Noah Kahan (born January 1, 1997) is an American singer-songwriter of folk-infused pop who signed to Republic Records in 2017. Kahan released his first single, "Young Blood" on January 27, 2017, and released four other singles over the course of 2017. His fans are known as "busyheads". Kahan made his television debut in 2018 on The Late Show with Stephen Colbert performing the single "Hurt Somebody". Kahan released his debut Extended Play (EP) carrying the same name in January 2018, including an updated version of titular song with fellow Republic Records artist Julia Michaels.

Biography

Early life 
Kahan was born in Strafford, Vermont. He attended Hanover High School in Hanover, New Hampshire. Kahan began writing songs at age 8 and uploaded them to SoundCloud where his music began to gain exposure. Kahan says that the first job he ever had was working for a valet at a hotel, where he was later fired for crashing a car.  
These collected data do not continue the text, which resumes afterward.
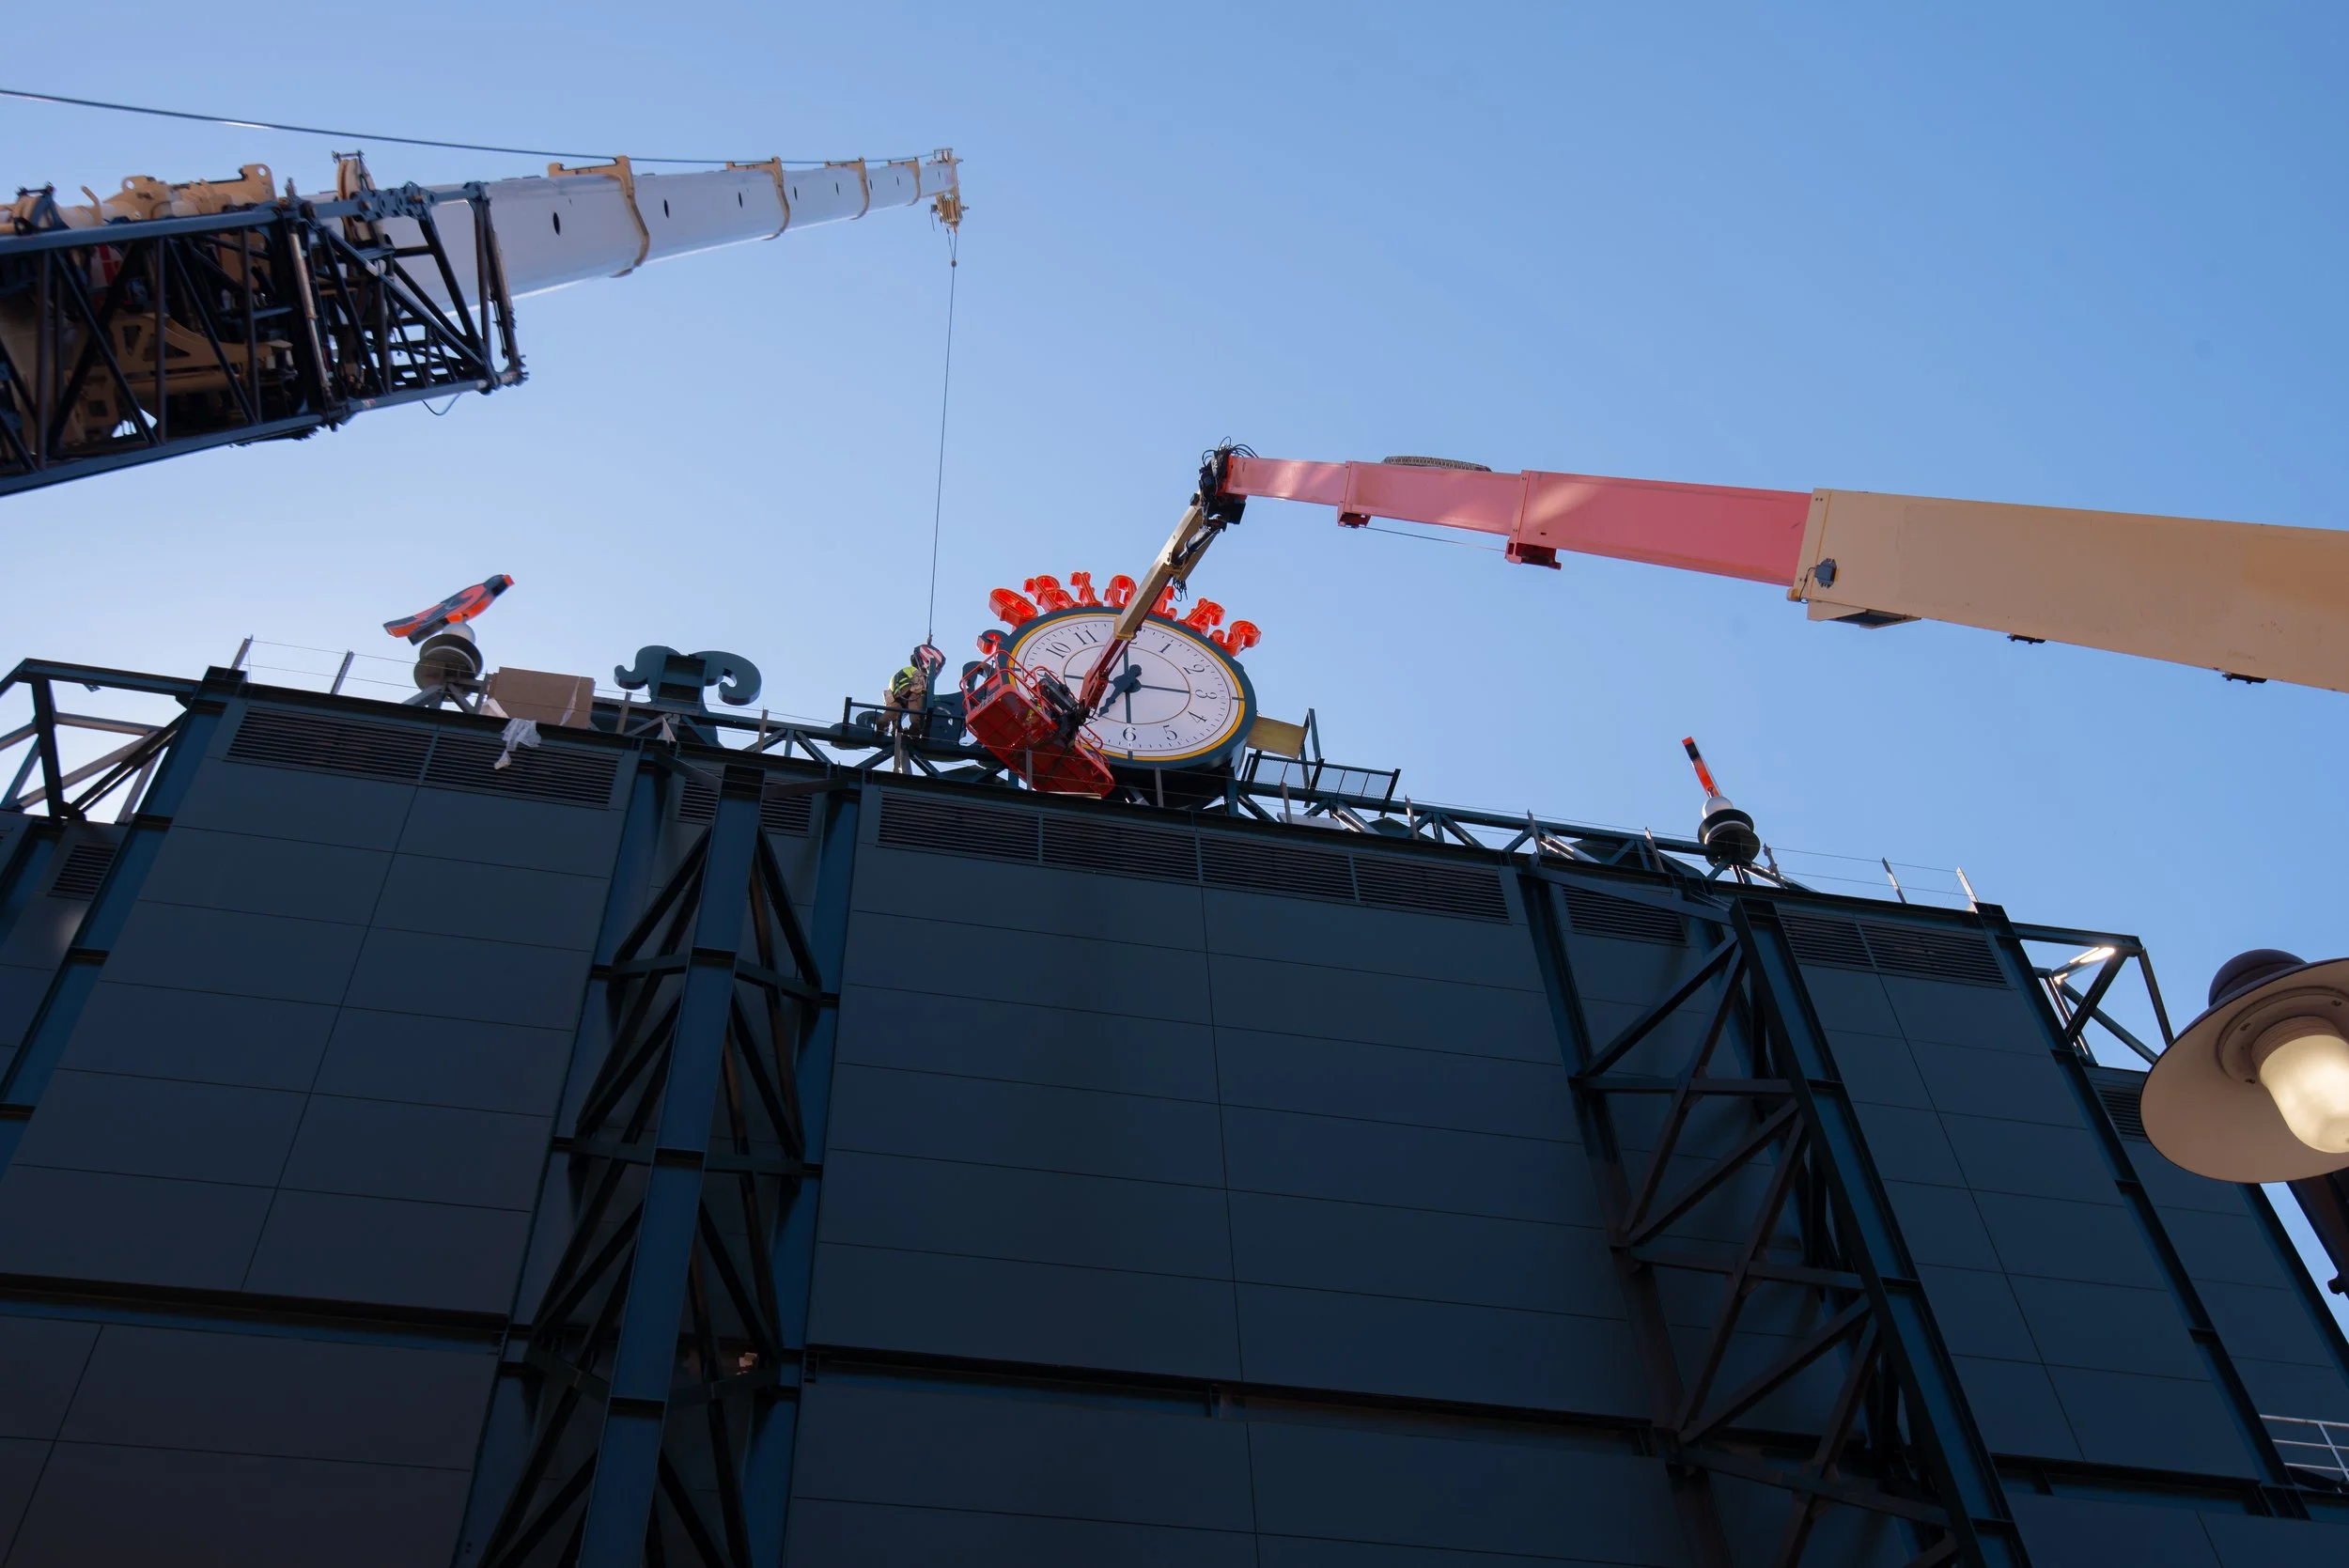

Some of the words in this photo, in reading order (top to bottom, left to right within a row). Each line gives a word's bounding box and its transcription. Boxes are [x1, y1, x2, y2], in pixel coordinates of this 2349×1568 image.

[1073, 629, 1098, 645] 11
[1045, 642, 1072, 659] 10
[1158, 643, 1172, 654] 1
[1182, 663, 1206, 675] 2
[1194, 689, 1218, 700] 3
[1187, 710, 1208, 723] 4
[1122, 726, 1137, 742] 6
[1162, 724, 1178, 741] 5
At age 17, Kahan began working with school friend music producers (Cwenga Matanzima). This attracted the attention of his current manager Drew Simmons of Foundations Artist Management. His music also caught the attention of songwriters such as Dan Wilson known for his work with Adele, Scott Harris,  Carrie Underwood, among others. Kahan deferred his admission to Tulane University to pursue his developing music career. Kahan has said that two career goals he wished for were to be verified on Instagram and to have a Wikipedia page.

Kahan cites some of his inspirations as Paul Simon, Cat Stevens, Counting Crows, Hozier, and Mumford and Sons.
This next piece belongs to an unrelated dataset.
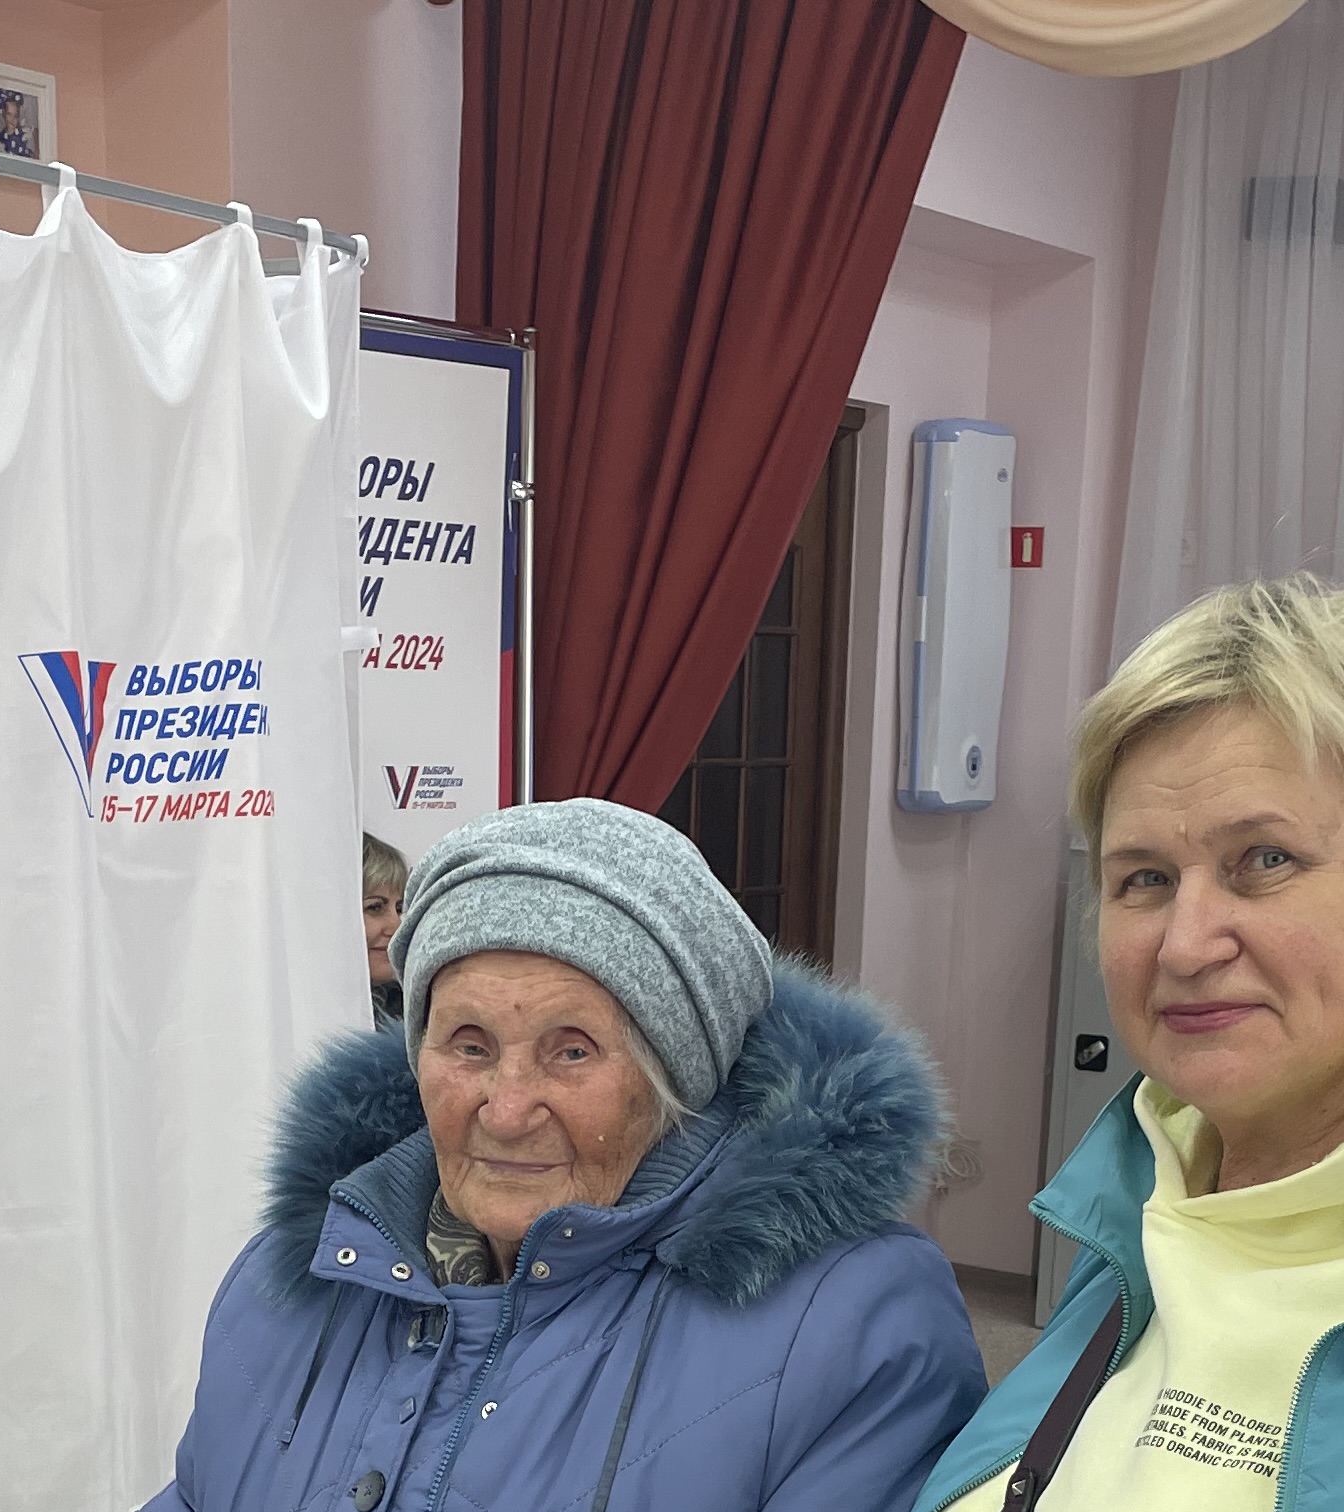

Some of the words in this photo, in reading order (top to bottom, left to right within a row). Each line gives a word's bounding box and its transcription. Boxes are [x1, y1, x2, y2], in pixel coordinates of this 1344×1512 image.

Kahan has opened up about his struggles with anxiety and depression and has talked extensively about how his struggles with these disorders have affected his life. He has spoken about how writing about these topics has proved to be therapeutic for him.  

“I’ve been struggling with anxiety and depression for as long as I can remember,” Kahan told an Australian news outlet. “I didn’t know what it was until I got into high school. Then, when I started releasing music and seeing it connect with others, I realised it wasn’t something I had to be ashamed of and that people were actually connecting to my music. So it’s a real thing and it’s a really hard thing I have to deal with all the time and it sucks, and it’s shitty. Sometimes it feels like everyone around me is doing well and I feel like I’m kind of missing something. But what’s great is music gives me an outlet to express it and it helps other people. So [anxiety] has its ups and downs.”
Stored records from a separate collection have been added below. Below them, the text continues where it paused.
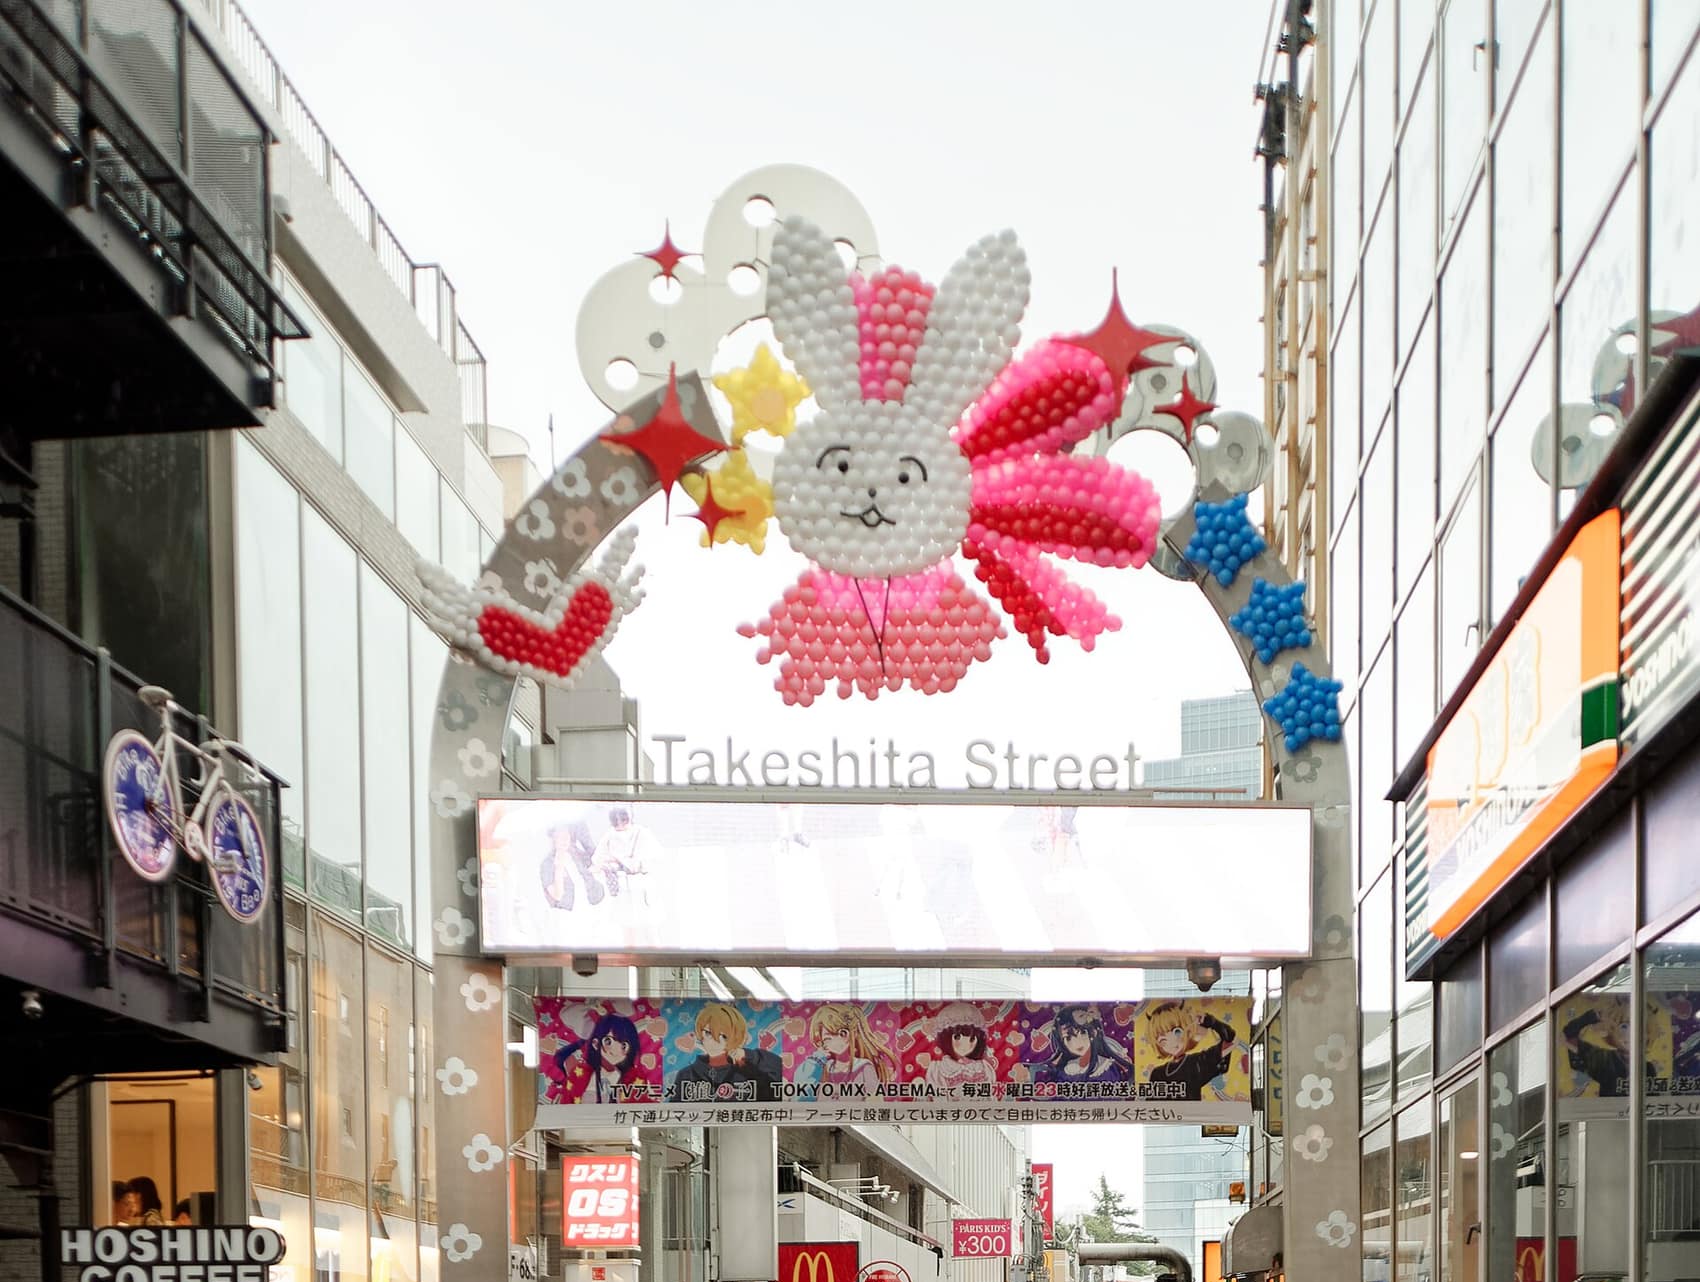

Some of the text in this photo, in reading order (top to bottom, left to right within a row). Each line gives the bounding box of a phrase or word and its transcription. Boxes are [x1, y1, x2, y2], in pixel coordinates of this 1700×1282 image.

[652, 735, 1144, 791] Takeshita Street
[771, 1083, 834, 1098] TOKYO
[614, 1108, 794, 1123] 竹下通りマップ絶賛配布中!
[569, 1164, 626, 1183] クスリ
[567, 1189, 628, 1217] OS
[567, 1223, 629, 1239] ドラッグ
[959, 1225, 983, 1233] PARIS
[61, 1228, 280, 1263] HOSHINO
[959, 1235, 1006, 1255] ¥300
2017–present: music career 
In 2016, Kahan signed to Republic Records and he began working with producer Joel Little, known for his work with Lorde and Khalid, with whom he recorded six songs. Kahan released his first single "Young Blood" on January 27, 2017, and gained over 9 million streams.

On September 15, 2017, Kahan released "Hurt Somebody", the lead single from his forthcoming debut extended play of the same name. "Hurt Somebody" was re-recorded later in 2017 featuring Grammy nominated artist Julia Michaels. Hurt Somebody was released in January 2018.

On April 8, 2019, Kahan announced his debut full-length studio album entitled Busyhead, and included the duet version of "Hurt Somebody" as well as two other singles "False Confidence" and "Mess". It was released on June 14, 2019.

On April 30, 2020, Noah announced on his Instagram that he would drop an EP at midnight. He then dropped "Cape Elizabeth." The album was recorded over one week at Kahan's friend Phin Choukas' home studio in Vermont exactly one week after the singer left New York City in March to avoid COVID-19. Cape Elizabeth was then released on May 1, 2020.

On June 17, 2021, Kahan announced his second full-length album titled I Was/I Am. Five days later he announced the I Was/I Am tour. On September 17, 2021, the album was released. Throughout the summer leading up to the release of the album Kahan released “Part of Me”, “Godlight”, and “Animal” as singles ahead of the album drop. “Part of Me” was the only one of the three singles to be dropped before the album announcement.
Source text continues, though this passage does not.